### Given information
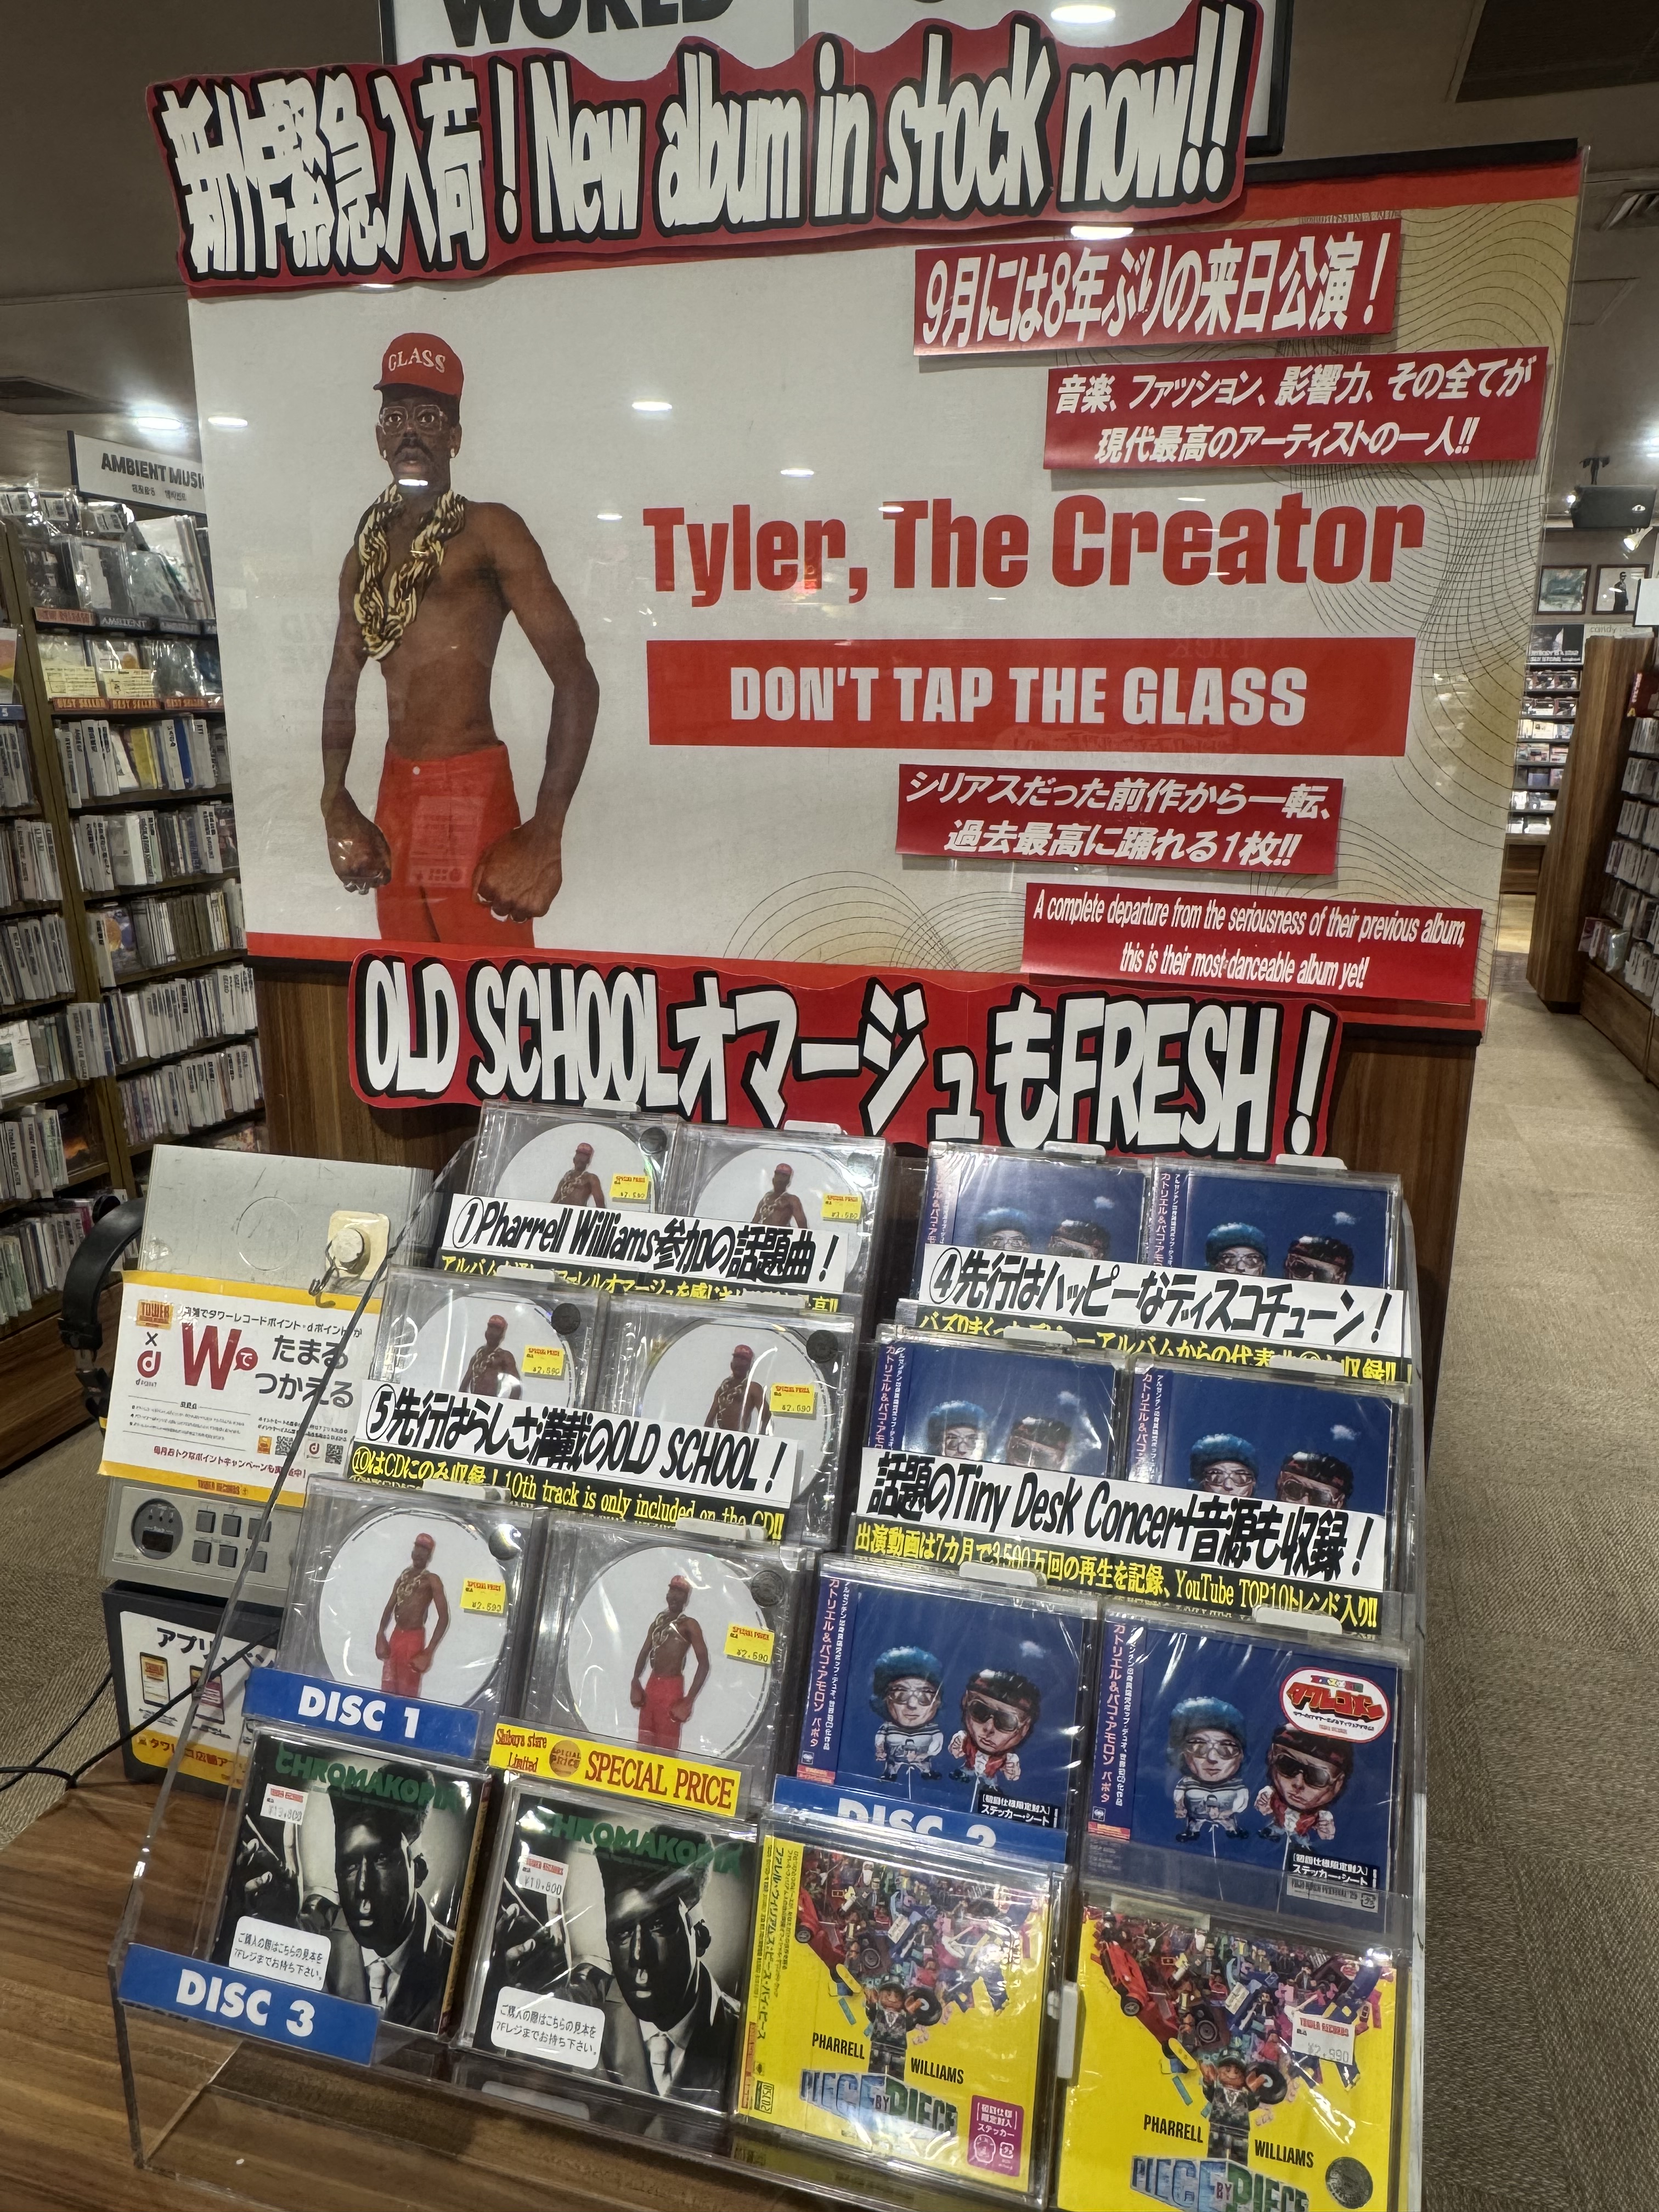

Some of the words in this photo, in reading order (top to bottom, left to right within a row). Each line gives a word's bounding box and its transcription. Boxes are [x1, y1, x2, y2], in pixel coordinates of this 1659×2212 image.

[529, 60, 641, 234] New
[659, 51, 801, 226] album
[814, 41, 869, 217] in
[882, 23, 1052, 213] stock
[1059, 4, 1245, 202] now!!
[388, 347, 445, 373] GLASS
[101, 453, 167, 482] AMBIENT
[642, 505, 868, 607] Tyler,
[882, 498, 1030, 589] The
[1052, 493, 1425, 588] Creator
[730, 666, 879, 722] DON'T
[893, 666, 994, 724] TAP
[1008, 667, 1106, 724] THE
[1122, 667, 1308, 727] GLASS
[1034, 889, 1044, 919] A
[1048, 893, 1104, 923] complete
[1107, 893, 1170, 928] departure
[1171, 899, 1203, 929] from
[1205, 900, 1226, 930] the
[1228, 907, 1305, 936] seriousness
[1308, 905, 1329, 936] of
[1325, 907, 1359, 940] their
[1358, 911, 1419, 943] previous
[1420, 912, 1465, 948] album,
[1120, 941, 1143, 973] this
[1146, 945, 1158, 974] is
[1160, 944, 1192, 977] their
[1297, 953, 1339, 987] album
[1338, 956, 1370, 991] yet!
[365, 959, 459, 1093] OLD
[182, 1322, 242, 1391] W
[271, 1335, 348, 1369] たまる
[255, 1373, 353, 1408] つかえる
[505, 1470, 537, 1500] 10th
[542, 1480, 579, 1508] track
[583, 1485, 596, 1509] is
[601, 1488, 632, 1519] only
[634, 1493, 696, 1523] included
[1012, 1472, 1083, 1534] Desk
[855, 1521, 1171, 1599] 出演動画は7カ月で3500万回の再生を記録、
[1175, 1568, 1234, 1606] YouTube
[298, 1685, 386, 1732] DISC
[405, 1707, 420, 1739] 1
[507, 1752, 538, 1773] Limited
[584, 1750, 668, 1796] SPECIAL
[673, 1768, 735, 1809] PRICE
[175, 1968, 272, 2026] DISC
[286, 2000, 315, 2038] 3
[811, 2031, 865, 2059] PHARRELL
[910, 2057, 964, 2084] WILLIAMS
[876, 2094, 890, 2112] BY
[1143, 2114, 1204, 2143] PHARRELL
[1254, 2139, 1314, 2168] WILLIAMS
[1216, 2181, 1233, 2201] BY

### Work task
All of the material above must be retyped exactly, line for line, with the images dropped.

### Solution below
Some of the words in this photo, in reading order (top to bottom, left to right within a row). Each line gives a word's bounding box and its transcription. Boxes are [x1, y1, x2, y2], in pixel coordinates of this 1659×2212 image.

[529, 60, 641, 234] New
[659, 51, 801, 226] album
[814, 41, 869, 217] in
[882, 23, 1052, 213] stock
[1059, 4, 1245, 202] now!!
[388, 347, 445, 373] GLASS
[101, 453, 167, 482] AMBIENT
[642, 505, 868, 607] Tyler,
[882, 498, 1030, 589] The
[1052, 493, 1425, 588] Creator
[730, 666, 879, 722] DON'T
[893, 666, 994, 724] TAP
[1008, 667, 1106, 724] THE
[1122, 667, 1308, 727] GLASS
[1034, 889, 1044, 919] A
[1048, 893, 1104, 923] complete
[1107, 893, 1170, 928] departure
[1171, 899, 1203, 929] from
[1205, 900, 1226, 930] the
[1228, 907, 1305, 936] seriousness
[1308, 905, 1329, 936] of
[1325, 907, 1359, 940] their
[1358, 911, 1419, 943] previous
[1420, 912, 1465, 948] album,
[1120, 941, 1143, 973] this
[1146, 945, 1158, 974] is
[1160, 944, 1192, 977] their
[1297, 953, 1339, 987] album
[1338, 956, 1370, 991] yet!
[365, 959, 459, 1093] OLD
[182, 1322, 242, 1391] W
[271, 1335, 348, 1369] たまる
[255, 1373, 353, 1408] つかえる
[505, 1470, 537, 1500] 10th
[542, 1480, 579, 1508] track
[583, 1485, 596, 1509] is
[601, 1488, 632, 1519] only
[634, 1493, 696, 1523] included
[1012, 1472, 1083, 1534] Desk
[855, 1521, 1171, 1599] 出演動画は7カ月で3500万回の再生を記録、
[1175, 1568, 1234, 1606] YouTube
[298, 1685, 386, 1732] DISC
[405, 1707, 420, 1739] 1
[507, 1752, 538, 1773] Limited
[584, 1750, 668, 1796] SPECIAL
[673, 1768, 735, 1809] PRICE
[175, 1968, 272, 2026] DISC
[286, 2000, 315, 2038] 3
[811, 2031, 865, 2059] PHARRELL
[910, 2057, 964, 2084] WILLIAMS
[876, 2094, 890, 2112] BY
[1143, 2114, 1204, 2143] PHARRELL
[1254, 2139, 1314, 2168] WILLIAMS
[1216, 2181, 1233, 2201] BY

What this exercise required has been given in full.